Segment Start: Given data

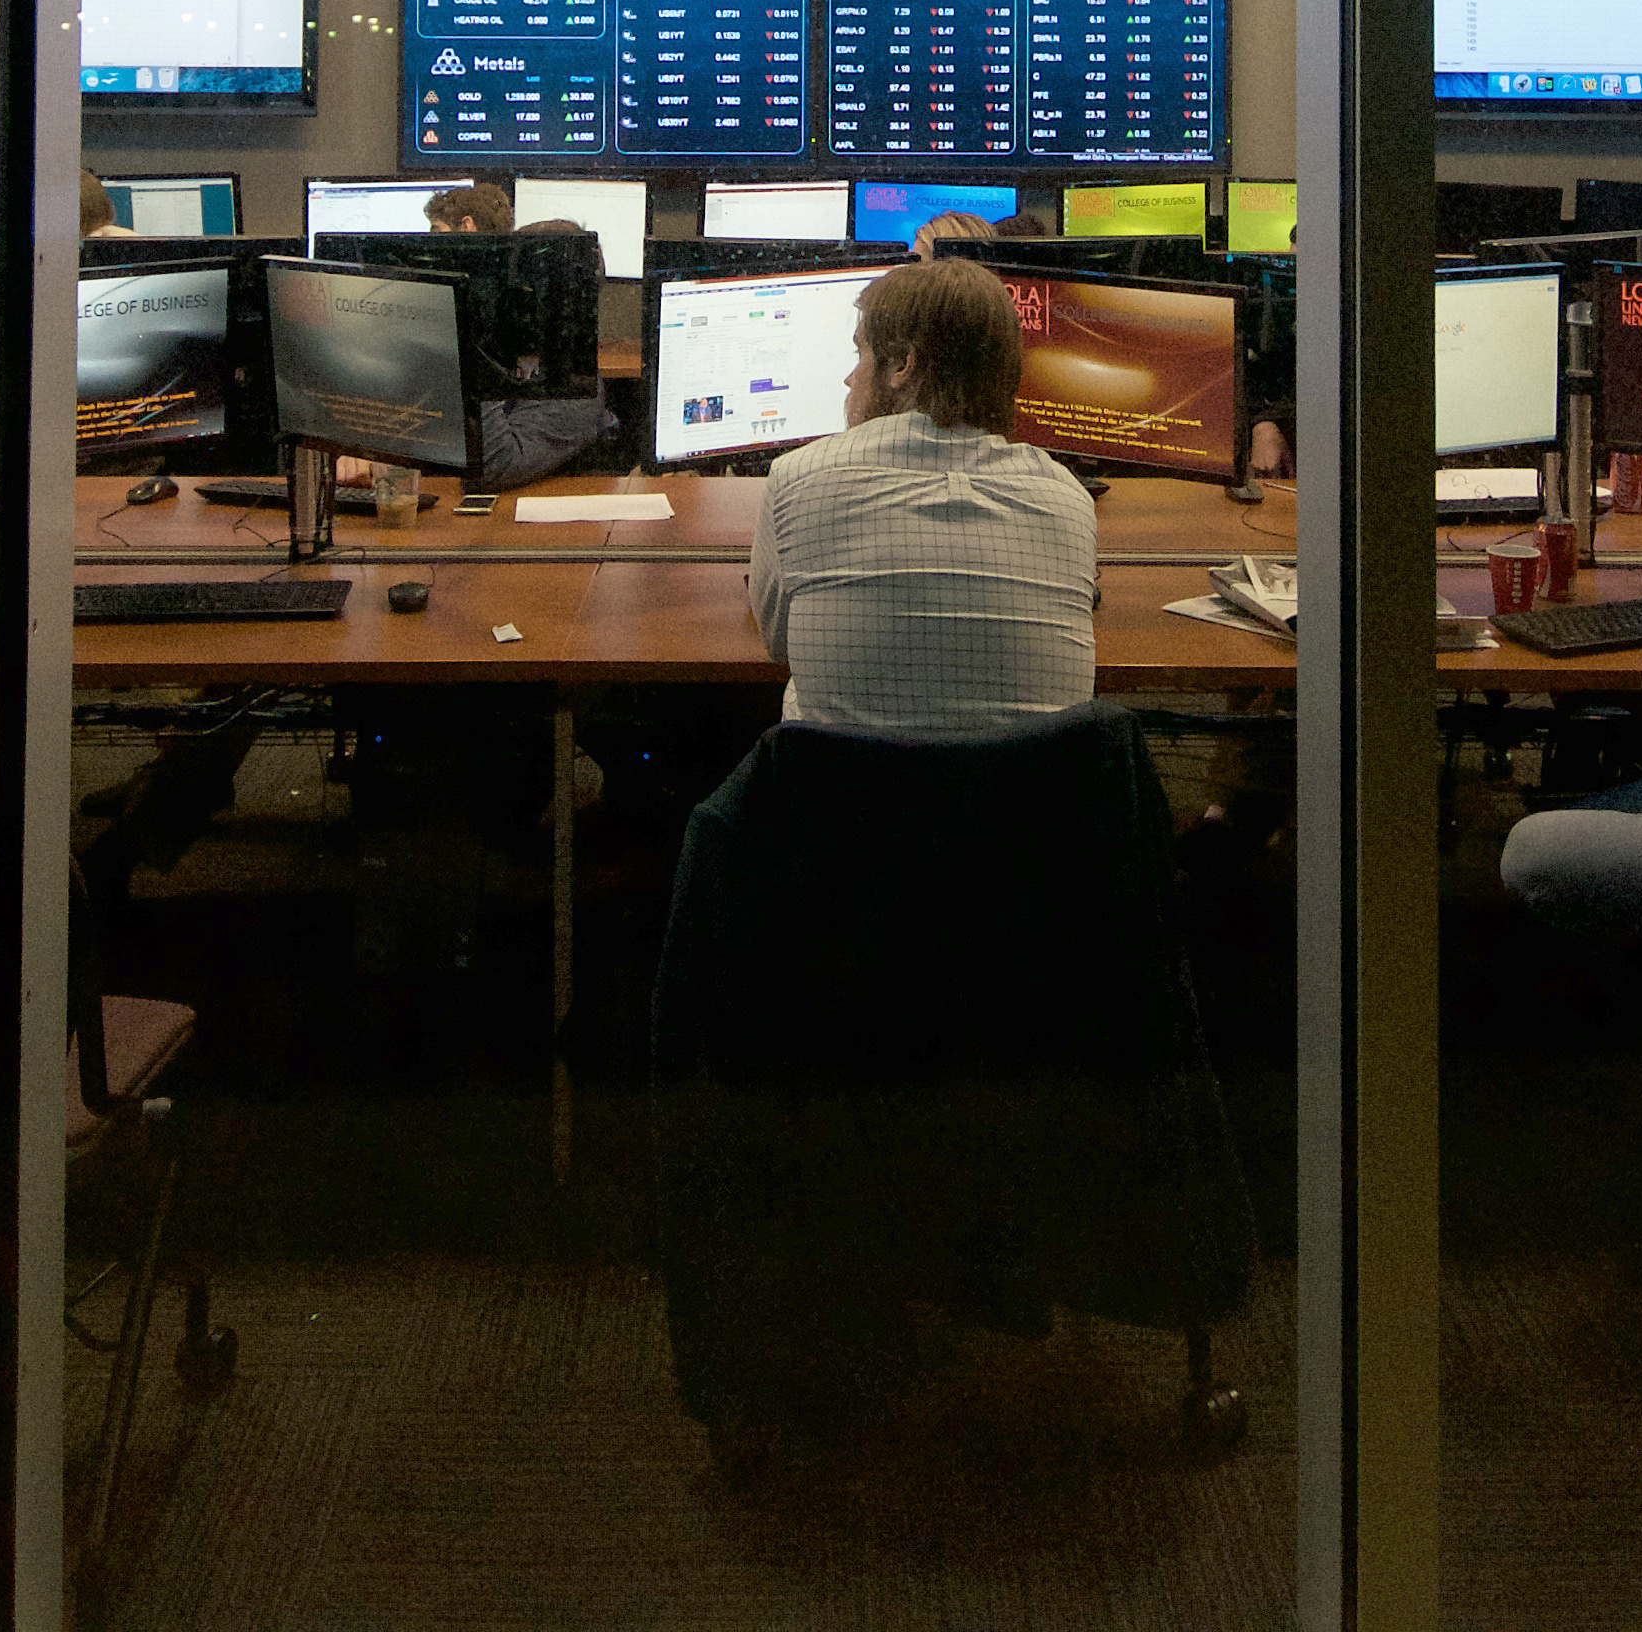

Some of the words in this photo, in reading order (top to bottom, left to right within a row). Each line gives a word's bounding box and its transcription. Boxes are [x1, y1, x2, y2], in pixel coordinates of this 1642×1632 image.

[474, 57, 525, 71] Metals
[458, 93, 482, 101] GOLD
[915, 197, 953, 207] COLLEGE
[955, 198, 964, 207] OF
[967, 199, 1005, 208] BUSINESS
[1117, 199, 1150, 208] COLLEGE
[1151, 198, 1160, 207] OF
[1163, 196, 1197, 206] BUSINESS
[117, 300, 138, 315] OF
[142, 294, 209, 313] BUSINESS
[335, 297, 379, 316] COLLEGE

Segment End: Given data

Action item — Repeat every entry exactly. Do not include the pictures.

Solution to the exercise —
Some of the words in this photo, in reading order (top to bottom, left to right within a row). Each line gives a word's bounding box and its transcription. Boxes are [x1, y1, x2, y2], in pixel coordinates of this 1642×1632 image.

[474, 57, 525, 71] Metals
[458, 93, 482, 101] GOLD
[915, 197, 953, 207] COLLEGE
[955, 198, 964, 207] OF
[967, 199, 1005, 208] BUSINESS
[1117, 199, 1150, 208] COLLEGE
[1151, 198, 1160, 207] OF
[1163, 196, 1197, 206] BUSINESS
[117, 300, 138, 315] OF
[142, 294, 209, 313] BUSINESS
[335, 297, 379, 316] COLLEGE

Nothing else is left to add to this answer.